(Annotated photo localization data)
□ □ □ □ □
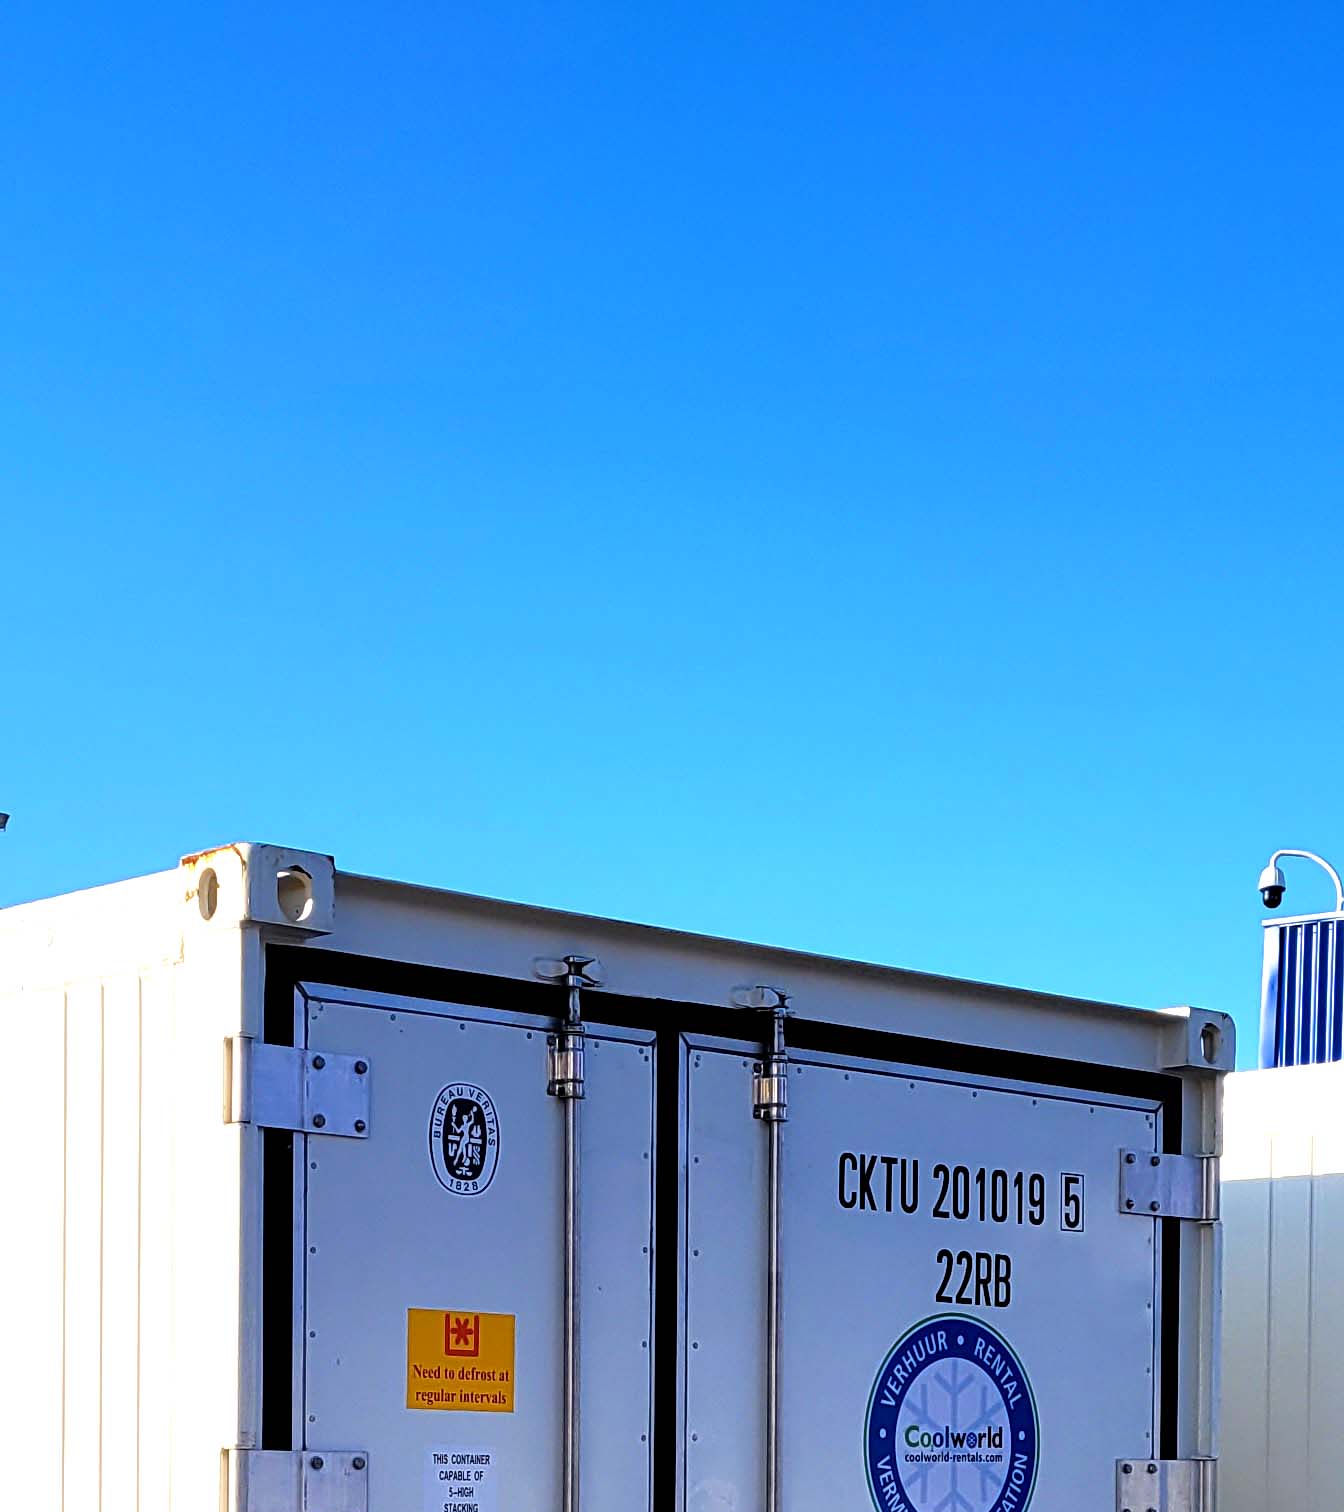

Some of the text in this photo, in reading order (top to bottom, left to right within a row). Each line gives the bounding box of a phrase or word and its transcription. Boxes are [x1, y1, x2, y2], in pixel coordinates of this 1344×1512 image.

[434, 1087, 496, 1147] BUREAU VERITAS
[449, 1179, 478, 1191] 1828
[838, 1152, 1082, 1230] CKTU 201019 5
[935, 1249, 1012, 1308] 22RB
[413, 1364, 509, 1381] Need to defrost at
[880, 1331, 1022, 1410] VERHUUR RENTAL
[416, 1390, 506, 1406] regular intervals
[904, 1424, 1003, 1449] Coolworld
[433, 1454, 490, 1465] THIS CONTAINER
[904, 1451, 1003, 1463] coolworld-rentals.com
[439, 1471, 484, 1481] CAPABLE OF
□ □ □ □ □
* [Action item]:
The answer should be the records above, unchanged, with the pictures omitted.

* [Exercise response]:
Some of the text in this photo, in reading order (top to bottom, left to right within a row). Each line gives the bounding box of a phrase or word and its transcription. Boxes are [x1, y1, x2, y2], in pixel coordinates of this 1344×1512 image.

[434, 1087, 496, 1147] BUREAU VERITAS
[449, 1179, 478, 1191] 1828
[838, 1152, 1082, 1230] CKTU 201019 5
[935, 1249, 1012, 1308] 22RB
[413, 1364, 509, 1381] Need to defrost at
[880, 1331, 1022, 1410] VERHUUR RENTAL
[416, 1390, 506, 1406] regular intervals
[904, 1424, 1003, 1449] Coolworld
[433, 1454, 490, 1465] THIS CONTAINER
[904, 1451, 1003, 1463] coolworld-rentals.com
[439, 1471, 484, 1481] CAPABLE OF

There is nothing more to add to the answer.